Disclosure of the invention

Advantageously, however, allows the solenoid valve according to the invention an efficient holding and switching of the valve.

This is made possible according to the invention by those in the independent

Claims specified characteristics. Further embodiments of the invention are the subject of dependent claims.

The bistable solenoid valve according to the invention for a hydraulic brake system, with a guide sleeve in which an upper stationary pole core fixed and a

Closing element is arranged displaceably, wherein the closing element urges during a closing movement in a valve seat and lifts off during an opening movement of the valve seat and the closing element is fixedly connected to a magnet assembly wherein an actuation of the movement of the closing element by means of the magnet assembly via a coil, which around the Guide sleeve is positioned and this substantially comprises, characterized in that a lower stationary pole core is fixedly arranged in the guide sleeve and the

Magnet assembly is positioned between the lower and upper pole core.
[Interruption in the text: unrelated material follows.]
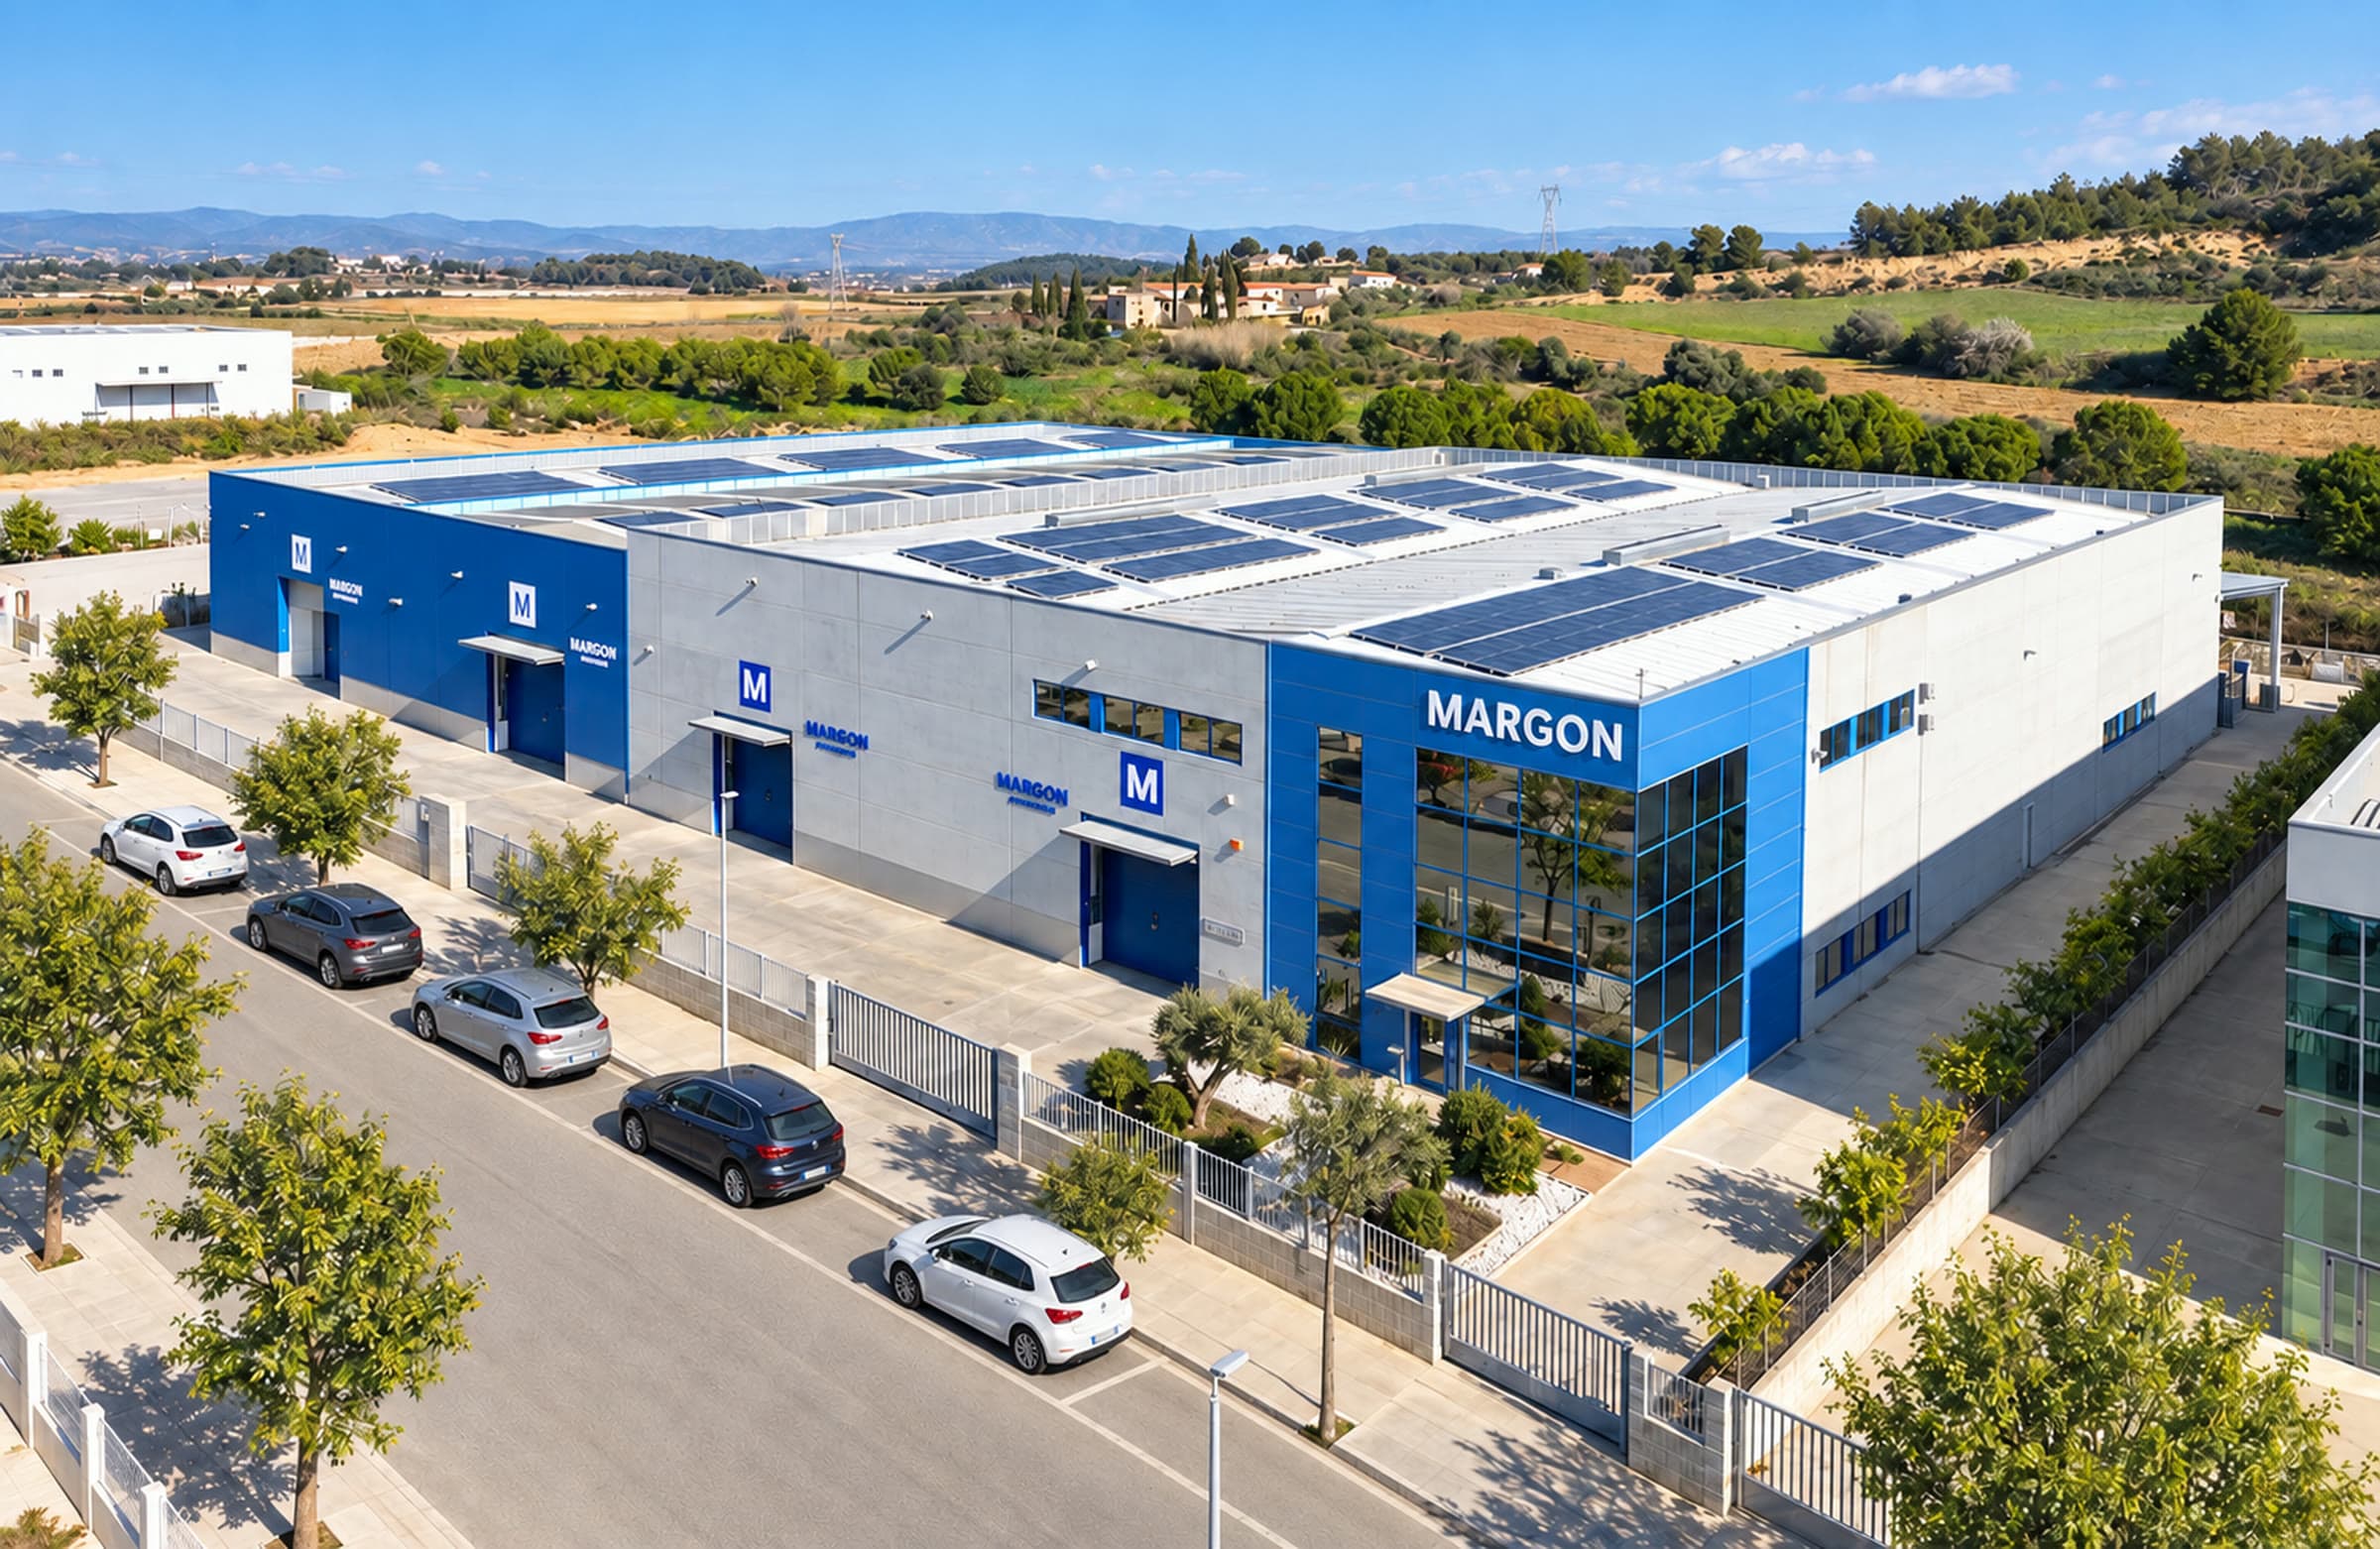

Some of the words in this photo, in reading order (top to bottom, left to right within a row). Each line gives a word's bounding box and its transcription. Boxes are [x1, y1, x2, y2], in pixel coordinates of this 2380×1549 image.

This is understood to mean that the solenoid valve has two pole cores, between which a magnet assembly is positioned. The pole cores are firmly defined in their position and the magnet assembly between the pole cores movable. The magnet assembly is firmly connected to the closing element of the solenoid valve. The closing element, also called sealing element, serves in a first position to release the passage at the valve seat and thus to open the valve, or to obstruct the passage at the valve in a second position and thus to close the valve. The solenoid valve is bistable. This means that holding the

Closing element in these two different positions (ie in the closed position and in the open position) can be done without a permanent energization. In a bistable valve is by the energization of the coils only a switching of the switching state allows. Holding the

Closing element in the respective closed or open position takes place, for example. Through the magnet assembly. For this purpose, the magnet assembly consists for example of an upper permanent magnet, which is spatially closer to the upper pole core and a lower permanent magnet, which is located closer to the lower pole core. In this case, the valve or the closing element is held in the open position by the upper permanent magnet to the upper pole core. In an analogous manner, the valve or the closing element is held in the closed position by the lower permanent magnet to the lower pole core. Advantageously, this can be an energy-efficient retention of the valve in the respective position.
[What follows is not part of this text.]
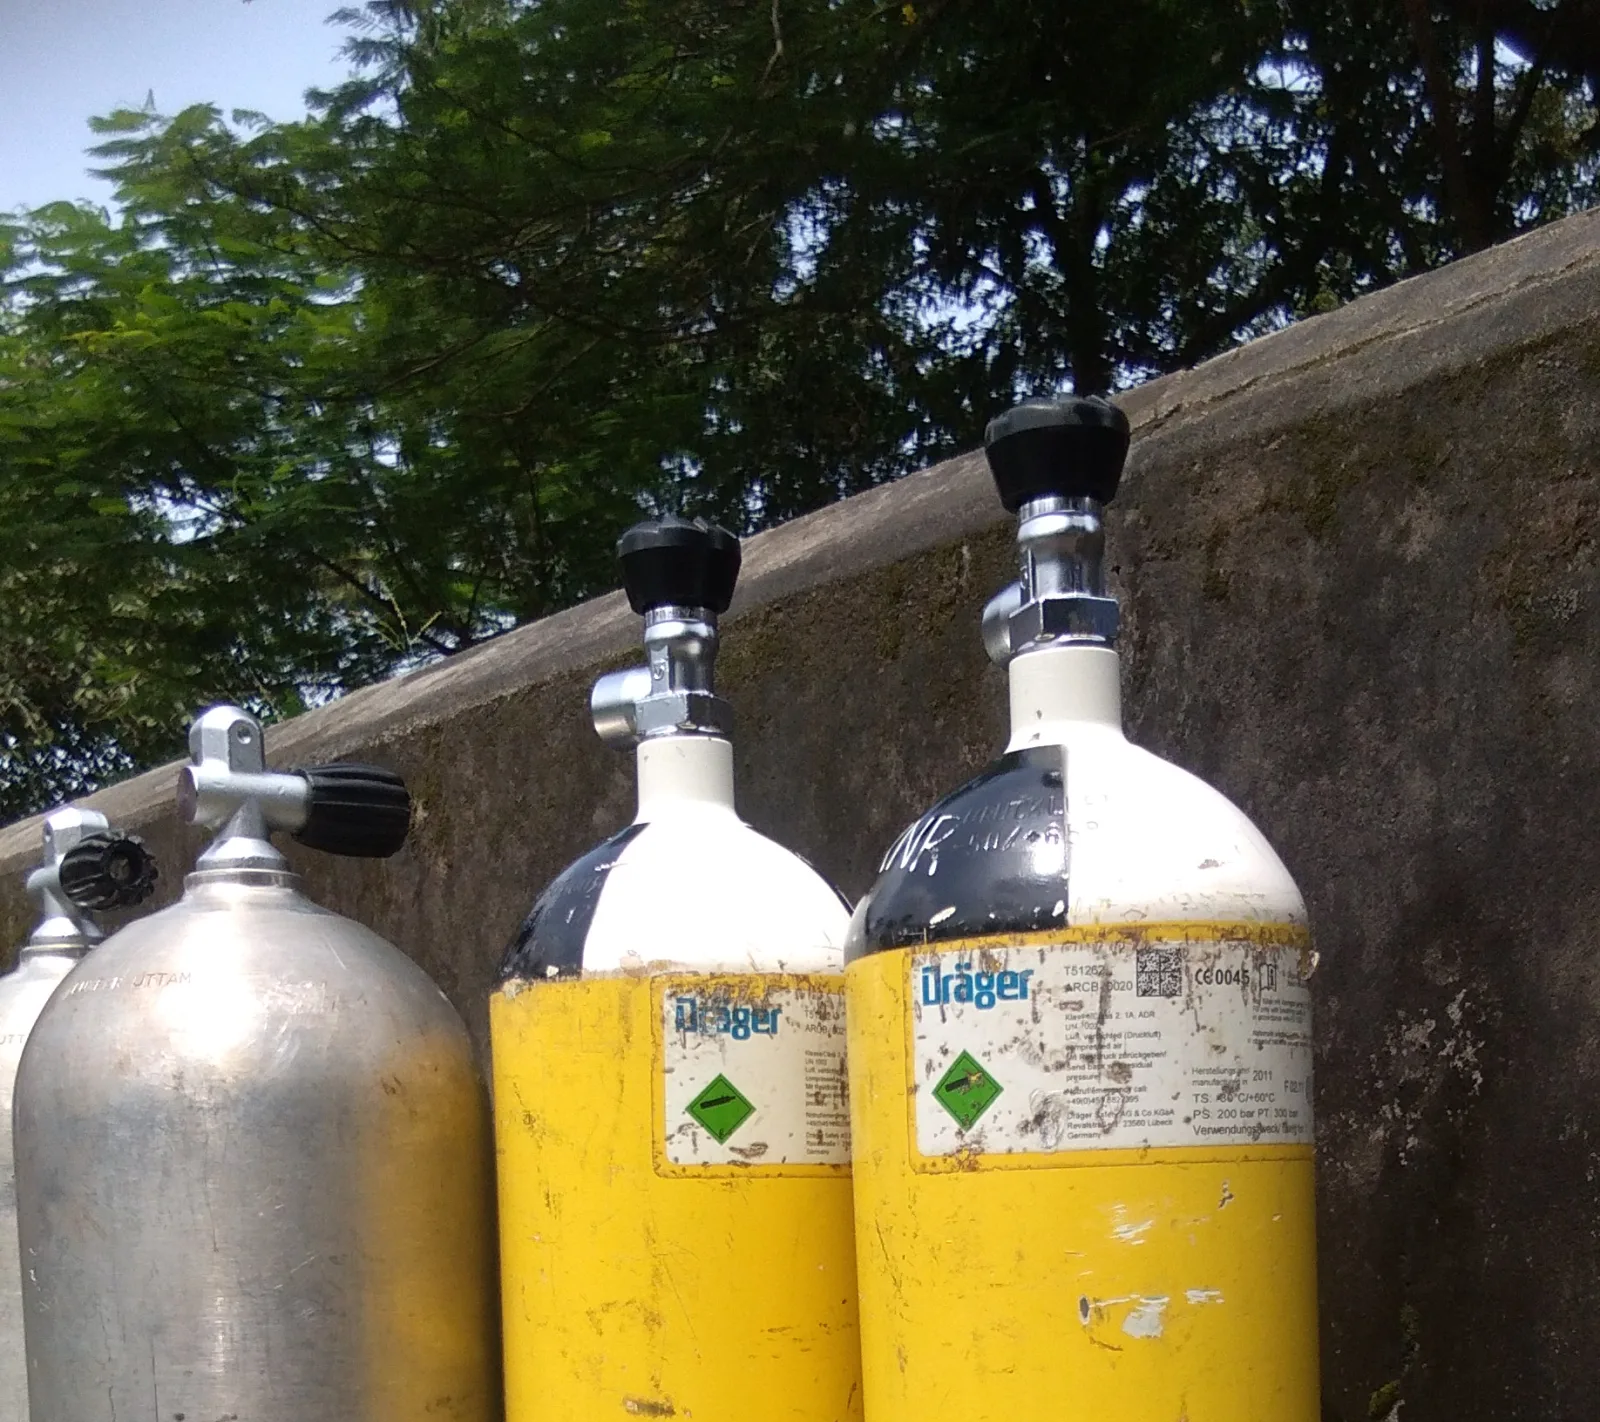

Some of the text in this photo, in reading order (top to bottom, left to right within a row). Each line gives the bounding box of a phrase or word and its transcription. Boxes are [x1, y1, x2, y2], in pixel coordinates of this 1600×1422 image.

[922, 962, 1034, 1010] Dräger
[1253, 1070, 1273, 1081] 2011
[1217, 1109, 1237, 1119] 200
[1240, 1109, 1255, 1118] bar
A change between the two stable positions takes place by a movement of the closing element. For this purpose, the coil is energized with a defined voltage. This creates a magnetic field. For example, the pole cores consist of a material which has ferromagnetic properties. The closing element itself consists of a non-magnetizable material, in particular

Plastic. The coil therefore magnetizes the upper and lower pole core. Due to their temporary magnetization, the upper and lower pole cores produce an influence on the magnet assembly, so that the closing element associated therewith is moved to the desired position. For example. For example, the closing element with the magnet assembly (at a corresponding position and energization of the coil) can be repelled by the lower pole core and attracted by the upper pole core. Alternatively, repelled from the upper pole core and tightened by the lower pole core.

In an advantageous embodiment, the armature, or the closing element with the magnet assembly, on the voltage applied to the coil current in a

Levitated, which is between the two stable

End positions lies.

It should be noted that, as already stated, the solenoid valve has an upper pole core, a lower pole core and a closing element with a magnet assembly. From this, as well as from the further description it becomes clear that the solenoid valve has no armature in the classical sense. The coil is advantageously pushed onto the guide sleeve. Furthermore, the coil is advantageously pre-assembled.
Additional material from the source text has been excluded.